Aspartate 221 of thymidylate synthase is involved in folate cofactor binding and in catalysis

Structural studies indicate that Asp 221 of Lactobacillus casei thymidylate synthase forms a hydrogen bond network with the 2-amino and 3-imino groups of the folate [Matthews, D, A. (1990) J. Mol. Biol. 214, 937-948; Finer-Moore, J, S. (1990) Biochemistry 29, 6977-6986] that has been proposed to participate in catalysis. We prepared a complete replacement set of 19 mutants at position 221 of L. casei thymidylate synthase. Of these, the only one with sufficient activity to complement growth of a thymidylate synthase-deficient host was the Cys mutant. To further elucidate the function of the Asp 221 side chain, seven thymidylate synthase 221 mutants were studied in detail with regard to catalysis of dTMP formation and of thymidylate synthase partial reactions.
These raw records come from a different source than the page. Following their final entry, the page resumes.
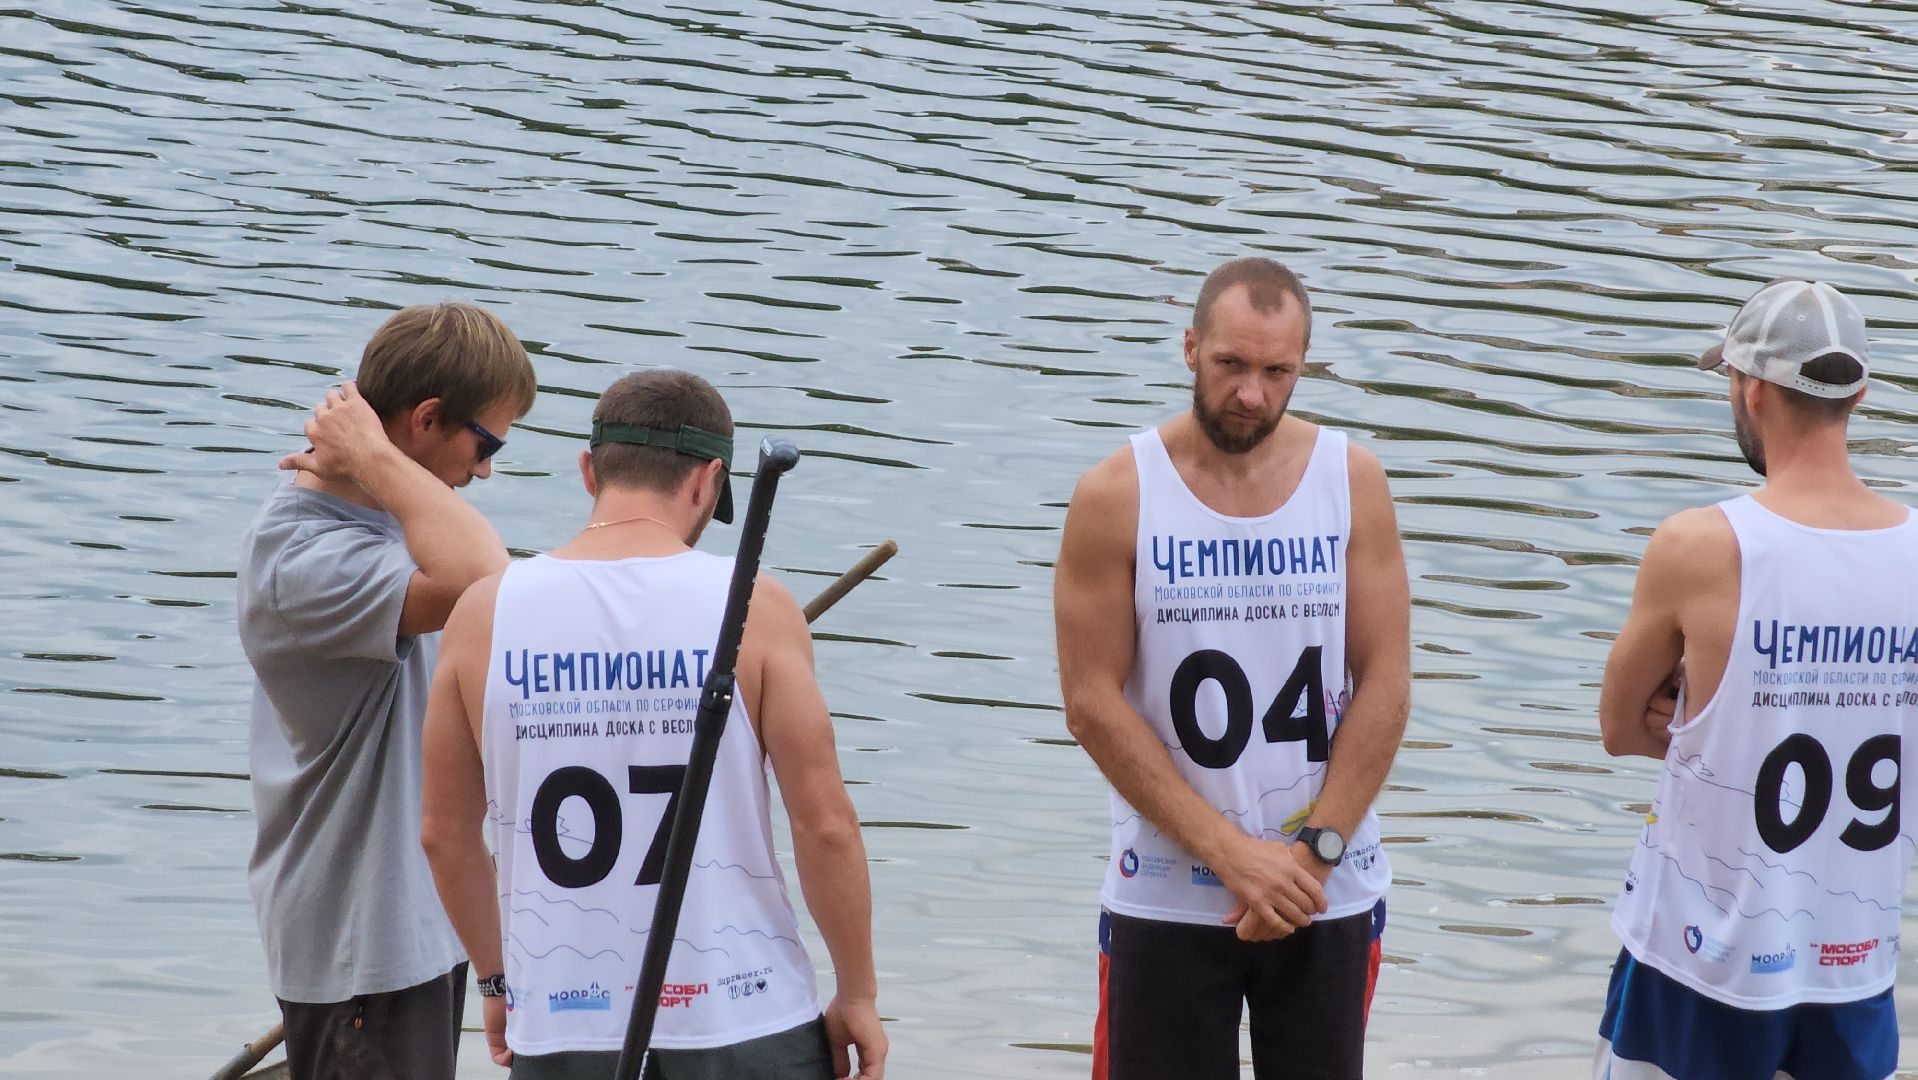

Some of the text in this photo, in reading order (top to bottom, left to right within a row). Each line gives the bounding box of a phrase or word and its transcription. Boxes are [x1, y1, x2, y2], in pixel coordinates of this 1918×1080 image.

[1152, 535, 1340, 584] ЧЕМПИОНАТ
[1154, 582, 1341, 603] МОСКОВСКОЙ ОБЛАСТИ ПО СЕРФИНГУ
[1157, 602, 1340, 625] ДИСЦИПЛИНА ДОСКА С ВЕСЛОМ
[1753, 620, 1918, 670] ЧЕМПИОНА
[505, 649, 708, 699] ЧЕМПИОНАТ
[1823, 671, 1869, 685] ОБЛАСТИ
[1873, 671, 1887, 685] ПО
[509, 698, 699, 718] МОСКОВСКОЙ ОБЛАСТИ ПО СЕРФИН
[1169, 645, 1329, 769] 04
[1752, 691, 1831, 710] ДИСЦИПЛИНА
[1836, 691, 1877, 708] ДОСКА
[1882, 693, 1891, 707] С
[515, 719, 696, 740] ДИСЦИПЛИНА ДОСКА С ВЕСЛ
[1754, 733, 1902, 854] 09
[531, 765, 688, 889] 07
[1820, 938, 1880, 955] МОСОБЛ
[1818, 953, 1869, 967] СПОРТ
[661, 983, 709, 996] СОБЛ
[658, 996, 693, 1009] ОРТ
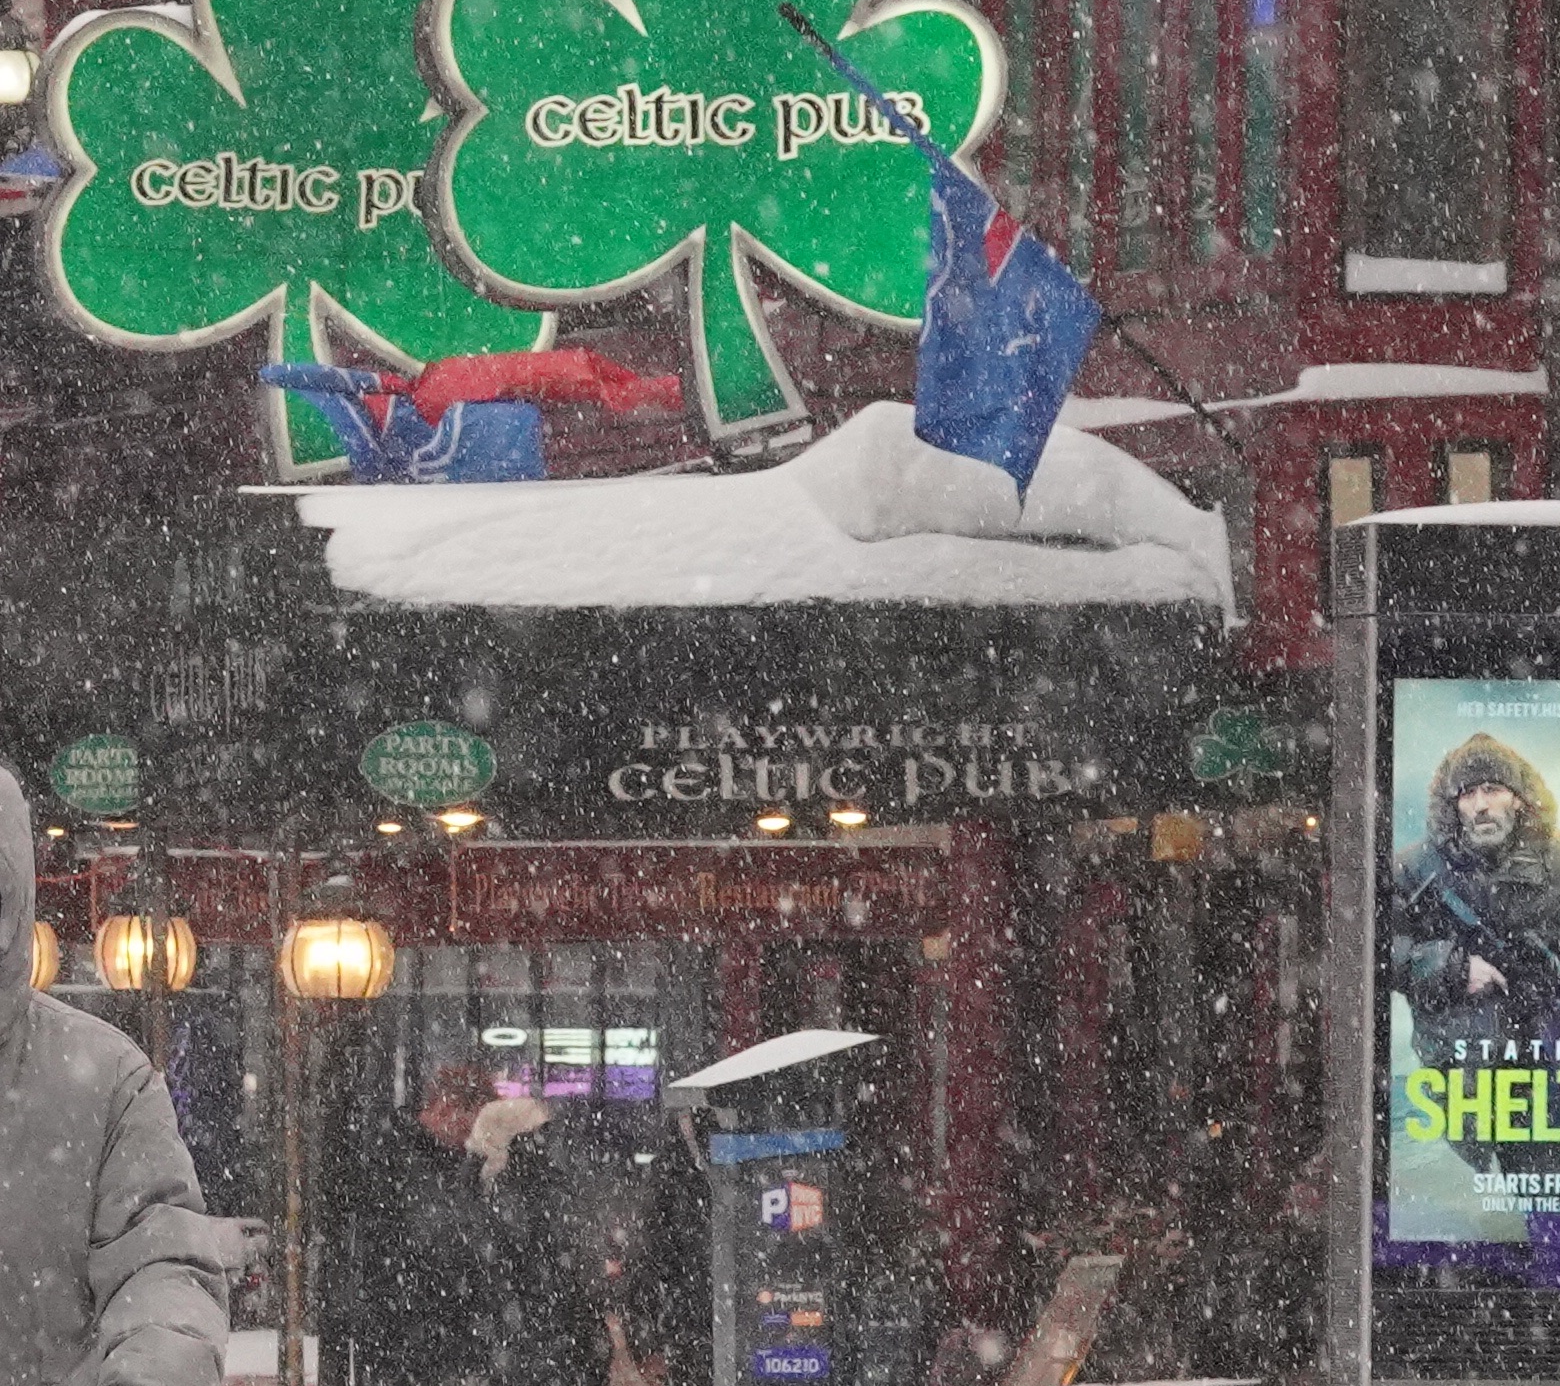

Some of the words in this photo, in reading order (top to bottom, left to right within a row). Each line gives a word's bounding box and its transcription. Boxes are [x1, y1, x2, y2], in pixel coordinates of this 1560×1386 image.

Most of the mutants bound the nucleotide substrate dUMP with only moderate loss of binding affinity, indicating that the Asp side chain does not contribute to dUMP binding, Most of the mutants catalyzed the cofactor-independent dehalogenation of 5-bromodUMP; hence, the Asp side chain of TS is not essential for addition of the catalytic Cys residue to the nucleotide substrate. Mutants showed decreased affinity for the folate cofactor, but those with side chains capable of hydrogen bond formation were less severely affected. Some of the mutants were capable of forming covalent thymidylate synthase-5-fluorodUMP - methylenetetrahydrofolate complex; hence, the Asp side chain is not essential for steps leading to the covalent complex. We conclude that the hydrogen bond network between Asp 221 and the folate cofactor contributes to cofactor binding and a catalytic step after formation of the covalent ternary complex intermediate.